8. A hybrid expert and weighted decomposition low-rank adaptation intelligent question answering device, wherein the hybrid expert and weighted decomposition low-rank adaptation intelligent question answering device is used to implement the hybrid expert and weighted decomposition low-rank adaptation intelligent question answering method as described in any one of claims 1-7, characterized in that, The device includes: The receiving module is used to receive user input questions; A generation module is used to generate answers to the questions from the trained multi-task question-answering model. The training process of the multi-task question-answering model includes: Obtain historical question-and-answer text data, add task identifiers and supervision labels to the historical question-and-answer text data, and perform preprocessing to obtain the sample dataset; The multi-task question answering model obtains expert output results based on samples; wherein, the multi-task question answering model includes a shared backbone network module, an expert allocation module, and multiple expert sub-modules; We introduce a weight decomposition low-rank adaptation structure into the shared backbone network module and multiple expert sub-modules. We apply Steenfair manifold constraints and Riemann optimization to the direction parameters in the weight decomposition low-rank adaptation structure. We then train the multi-task question answering model based on the sample dataset to obtain the trained multi-task question answering model. The output module is used to output the generated answer to the user.
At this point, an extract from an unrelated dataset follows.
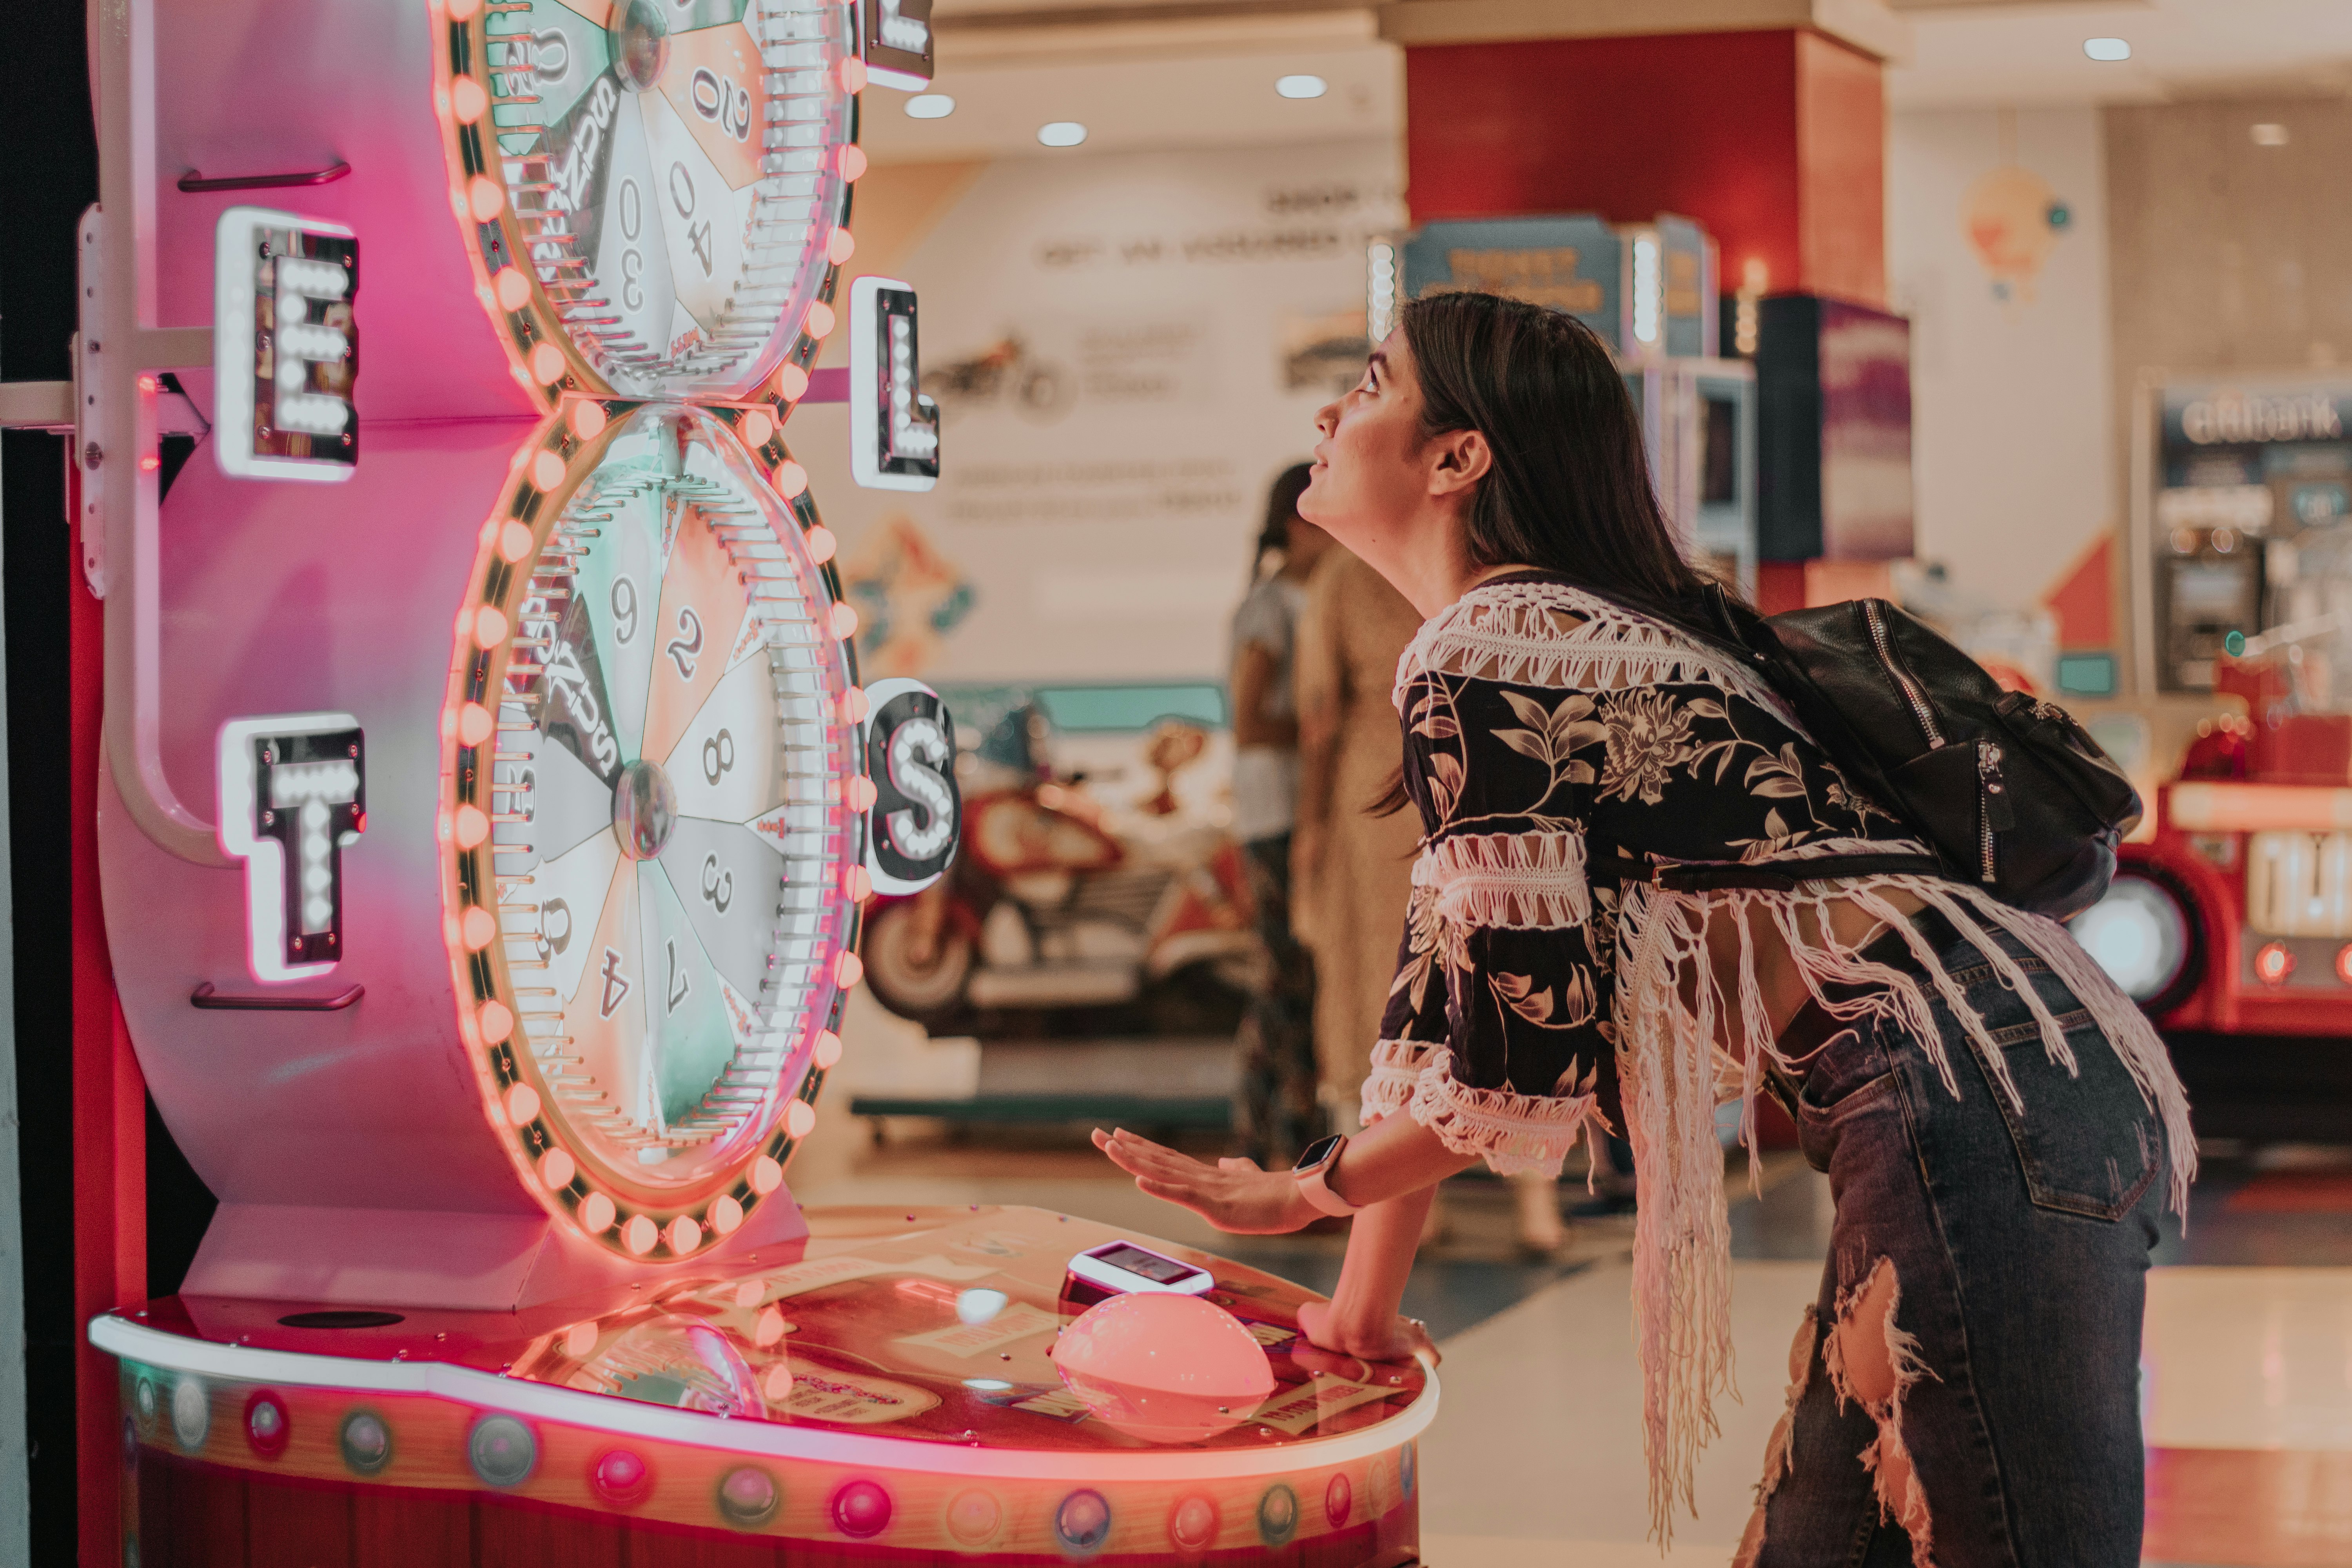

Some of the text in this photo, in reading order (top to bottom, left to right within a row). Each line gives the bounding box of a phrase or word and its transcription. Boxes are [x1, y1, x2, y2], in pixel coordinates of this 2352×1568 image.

9. An intelligent question-answering device that combines expert input with low-rank weight decomposition adaptation, characterized in that, The intelligent question-answering device that combines hybrid experts with low-rank weight decomposition includes: processor; A memory storing computer-readable instructions that, when executed by the processor, implement the method as described in any one of claims 1 to 7.
10. A computer-readable storage medium, characterized in that, The computer-readable storage medium contains program code that can be invoked by a processor to execute the method as described in any one of claims 1 to 7.